**What the task asks**.
Repeat every record below exactly as it appears.

**Data excerpts**.
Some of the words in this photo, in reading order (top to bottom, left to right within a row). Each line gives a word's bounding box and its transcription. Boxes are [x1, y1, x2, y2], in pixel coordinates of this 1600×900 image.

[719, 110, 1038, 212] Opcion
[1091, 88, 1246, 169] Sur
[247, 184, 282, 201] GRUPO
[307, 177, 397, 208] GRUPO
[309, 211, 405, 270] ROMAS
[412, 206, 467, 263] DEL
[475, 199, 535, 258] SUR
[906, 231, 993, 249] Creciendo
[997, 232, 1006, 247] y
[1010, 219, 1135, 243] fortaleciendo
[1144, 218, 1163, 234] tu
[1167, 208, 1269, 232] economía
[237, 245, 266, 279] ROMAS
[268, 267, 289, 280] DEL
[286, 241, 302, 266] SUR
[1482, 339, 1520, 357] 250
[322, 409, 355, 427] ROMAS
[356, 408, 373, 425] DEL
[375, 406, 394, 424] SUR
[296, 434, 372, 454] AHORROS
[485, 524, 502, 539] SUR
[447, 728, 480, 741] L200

**Answer section**.
Some of the words in this photo, in reading order (top to bottom, left to right within a row). Each line gives a word's bounding box and its transcription. Boxes are [x1, y1, x2, y2], in pixel coordinates of this 1600×900 image.

[719, 110, 1038, 212] Opcion
[1091, 88, 1246, 169] Sur
[247, 184, 282, 201] GRUPO
[307, 177, 397, 208] GRUPO
[309, 211, 405, 270] ROMAS
[412, 206, 467, 263] DEL
[475, 199, 535, 258] SUR
[906, 231, 993, 249] Creciendo
[997, 232, 1006, 247] y
[1010, 219, 1135, 243] fortaleciendo
[1144, 218, 1163, 234] tu
[1167, 208, 1269, 232] economía
[237, 245, 266, 279] ROMAS
[268, 267, 289, 280] DEL
[286, 241, 302, 266] SUR
[1482, 339, 1520, 357] 250
[322, 409, 355, 427] ROMAS
[356, 408, 373, 425] DEL
[375, 406, 394, 424] SUR
[296, 434, 372, 454] AHORROS
[485, 524, 502, 539] SUR
[447, 728, 480, 741] L200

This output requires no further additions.